### RECORDS FOR PROCESSING

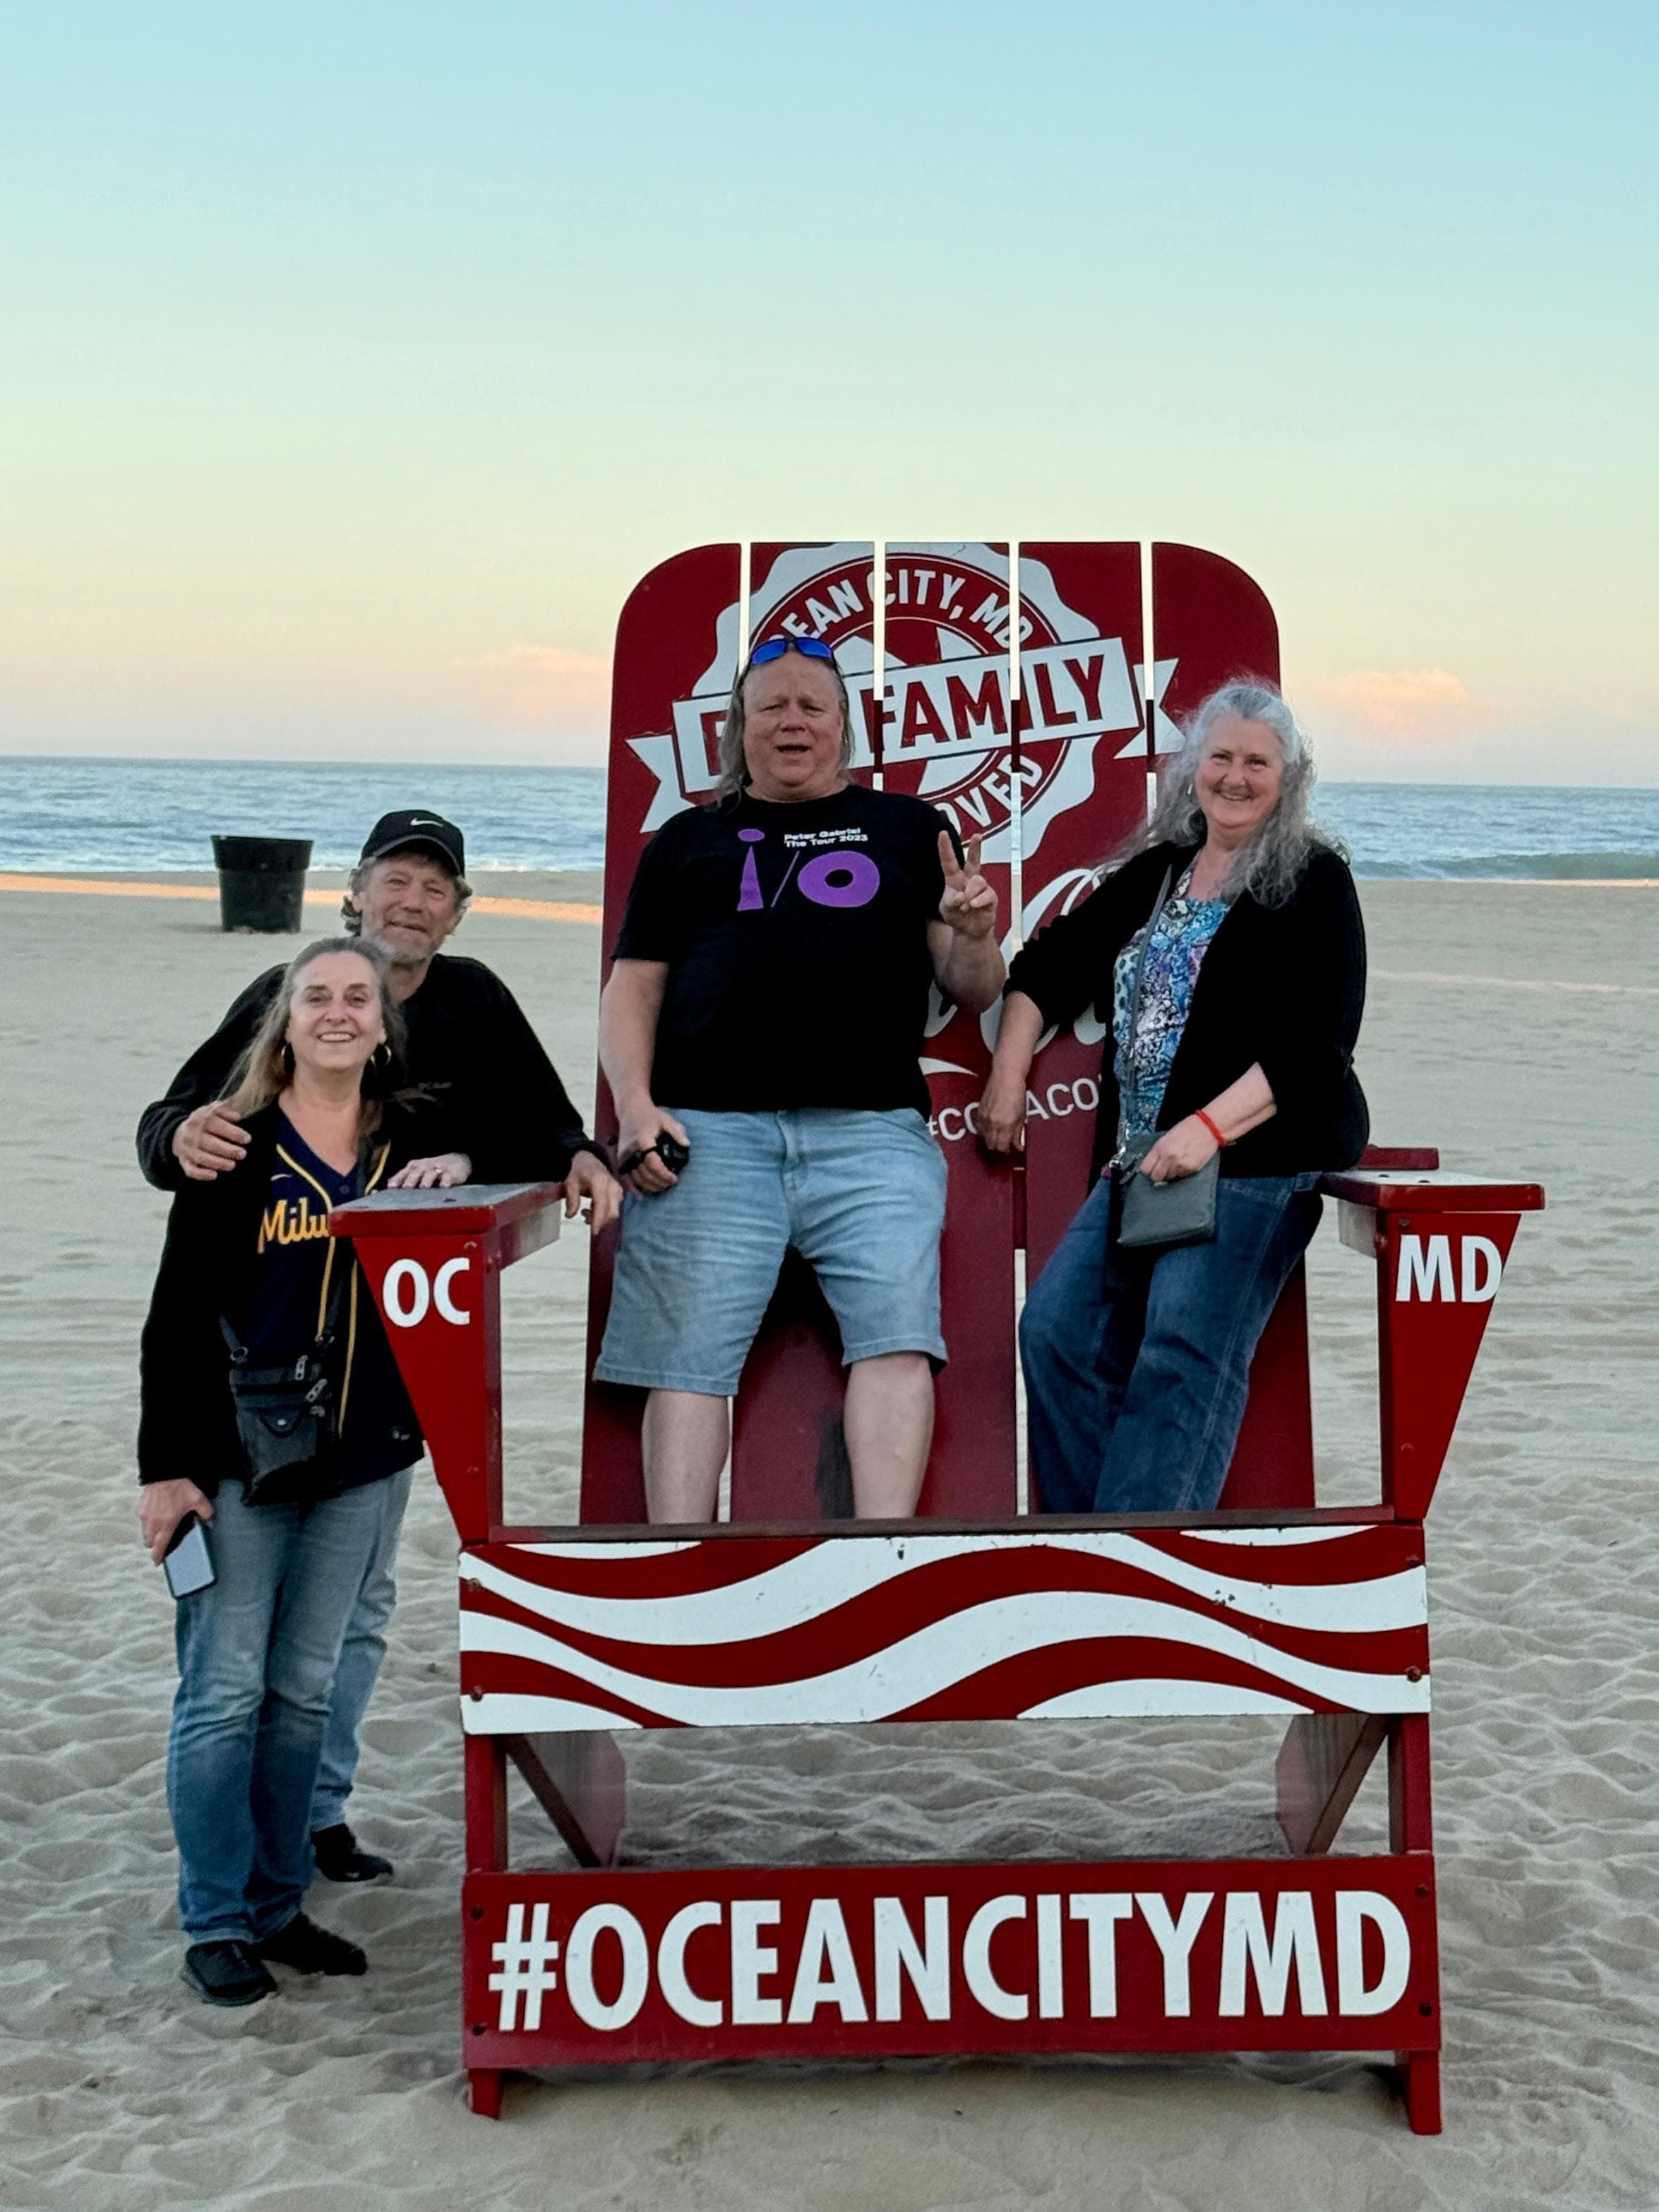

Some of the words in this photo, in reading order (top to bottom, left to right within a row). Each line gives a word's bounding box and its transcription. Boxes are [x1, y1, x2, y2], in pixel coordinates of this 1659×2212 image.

[769, 579, 864, 639] EAN
[866, 568, 966, 620] CITY,
[969, 592, 1034, 649] MD
[859, 654, 1106, 753] FAMILY
[784, 833, 816, 843] Peter
[819, 827, 861, 838] Gabriel
[810, 837, 836, 846] Tour
[382, 1256, 470, 1328] OC
[1395, 1234, 1502, 1303] MD
[489, 1890, 1413, 2032] #OCEANCITYMD
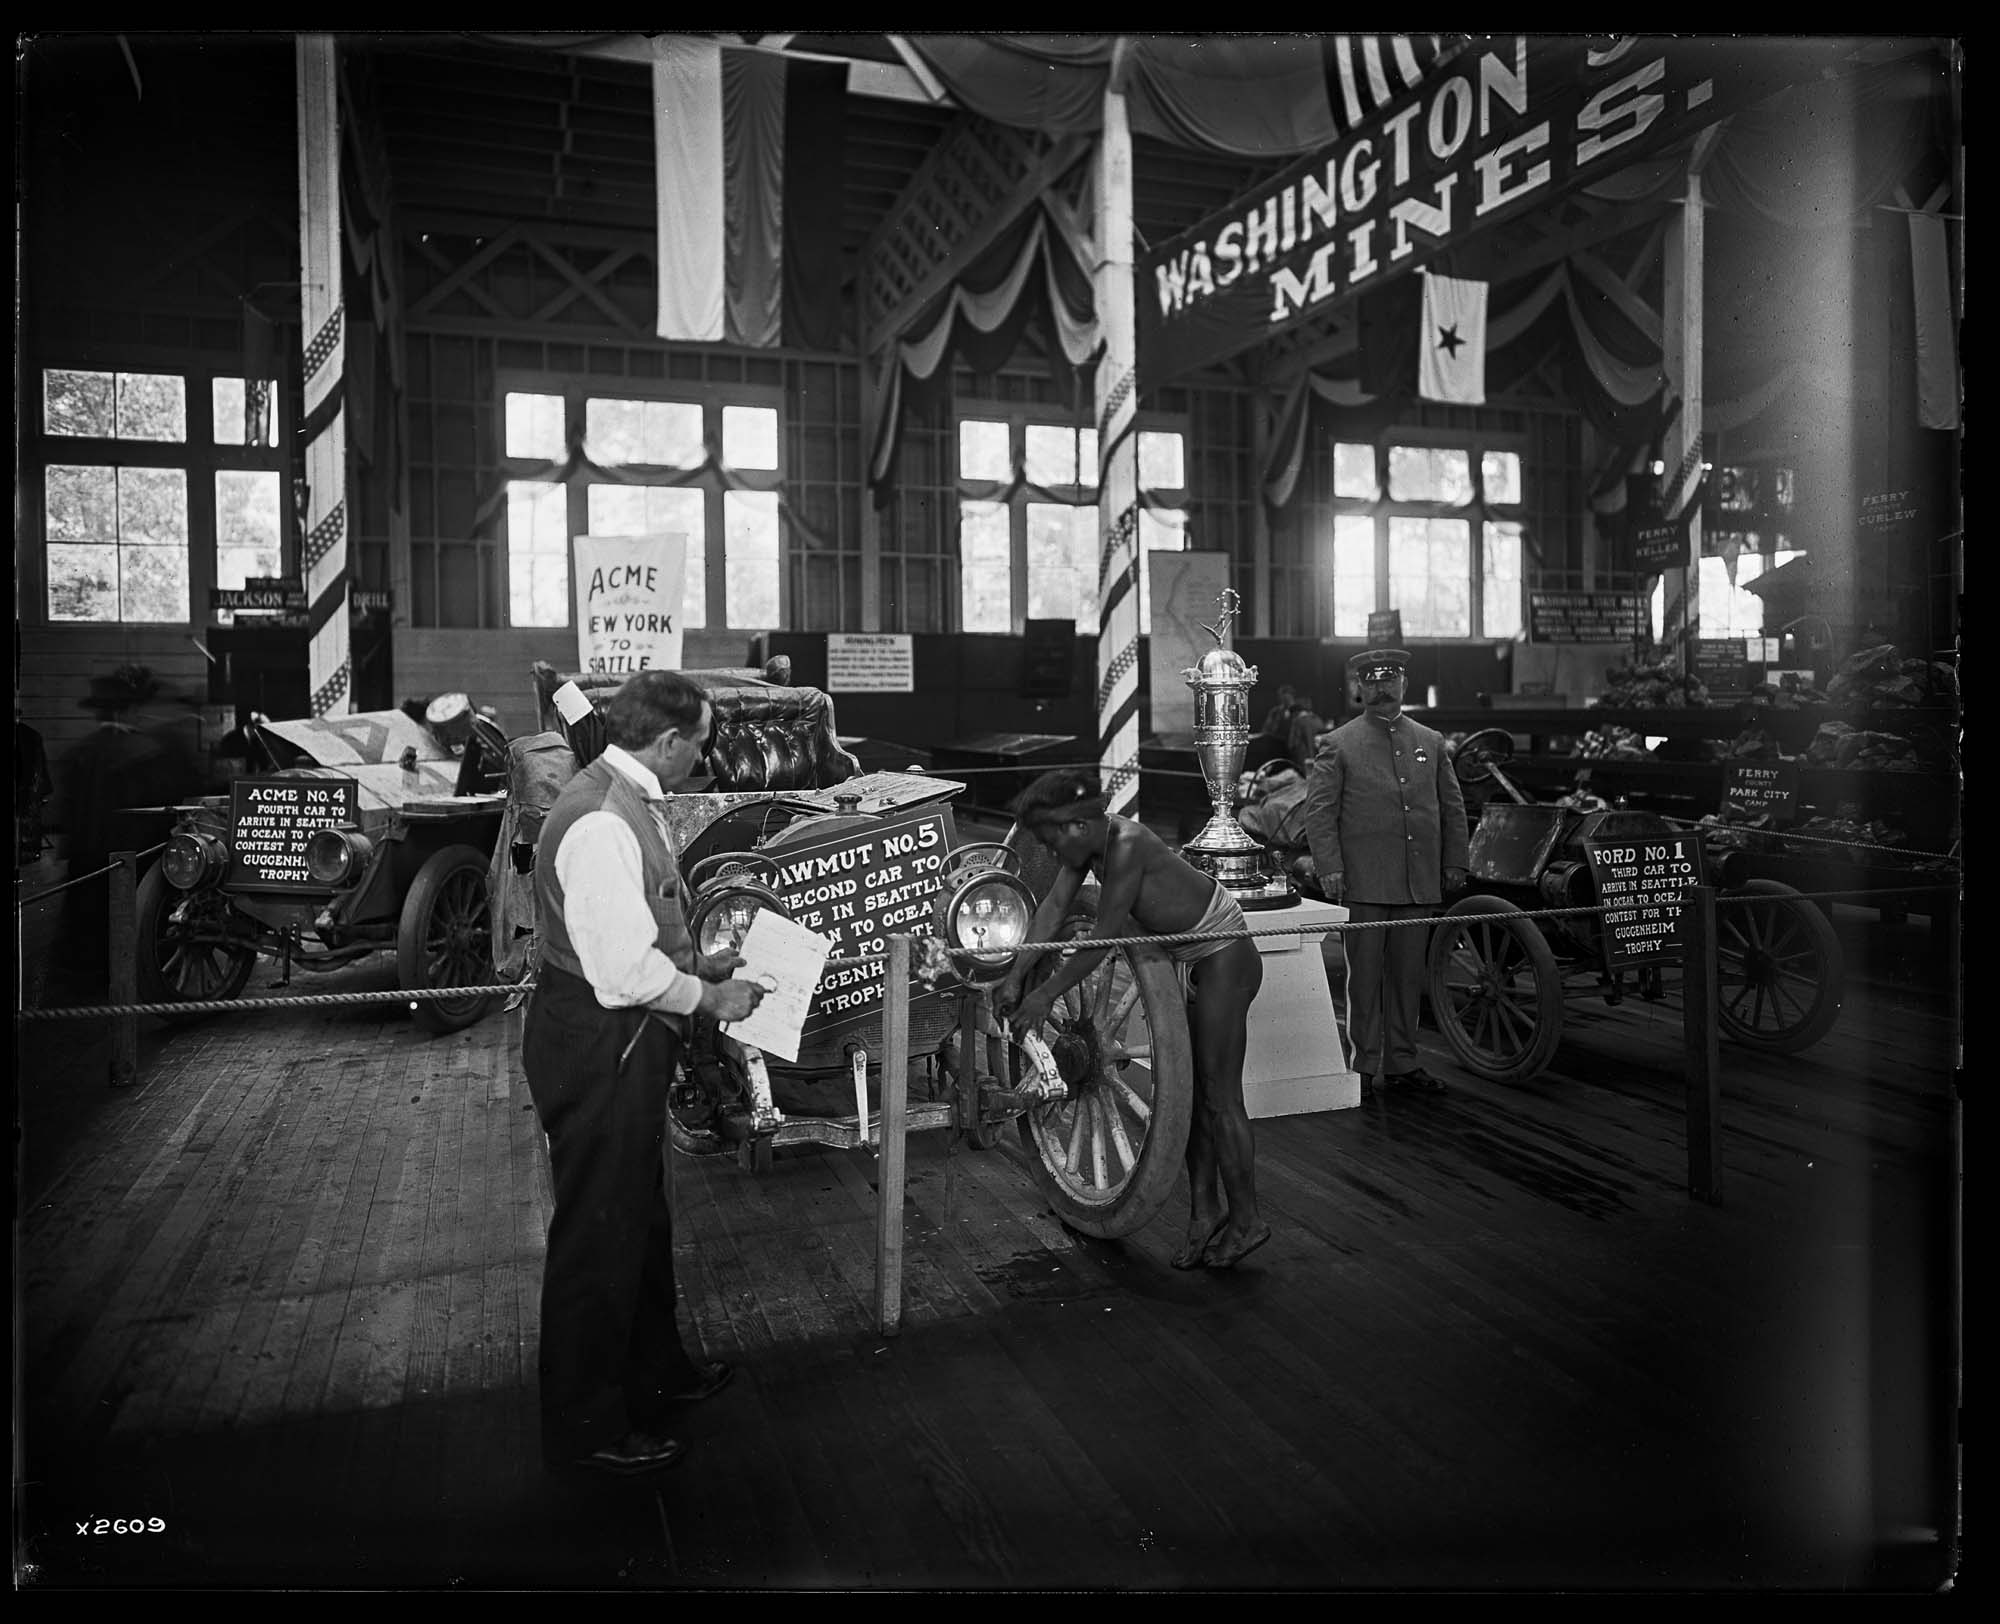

### WORK TO BE COMPLETED
Your copy should match the material above exactly, minus its pictures.

### FINAL ANSWER
Some of the words in this photo, in reading order (top to bottom, left to right within a row). Each line gives a word's bounding box and its transcription. Boxes are [x1, y1, x2, y2], in pixel coordinates of this 1659×2212 image.

[769, 579, 864, 639] EAN
[866, 568, 966, 620] CITY,
[969, 592, 1034, 649] MD
[859, 654, 1106, 753] FAMILY
[784, 833, 816, 843] Peter
[819, 827, 861, 838] Gabriel
[810, 837, 836, 846] Tour
[382, 1256, 470, 1328] OC
[1395, 1234, 1502, 1303] MD
[489, 1890, 1413, 2032] #OCEANCITYMD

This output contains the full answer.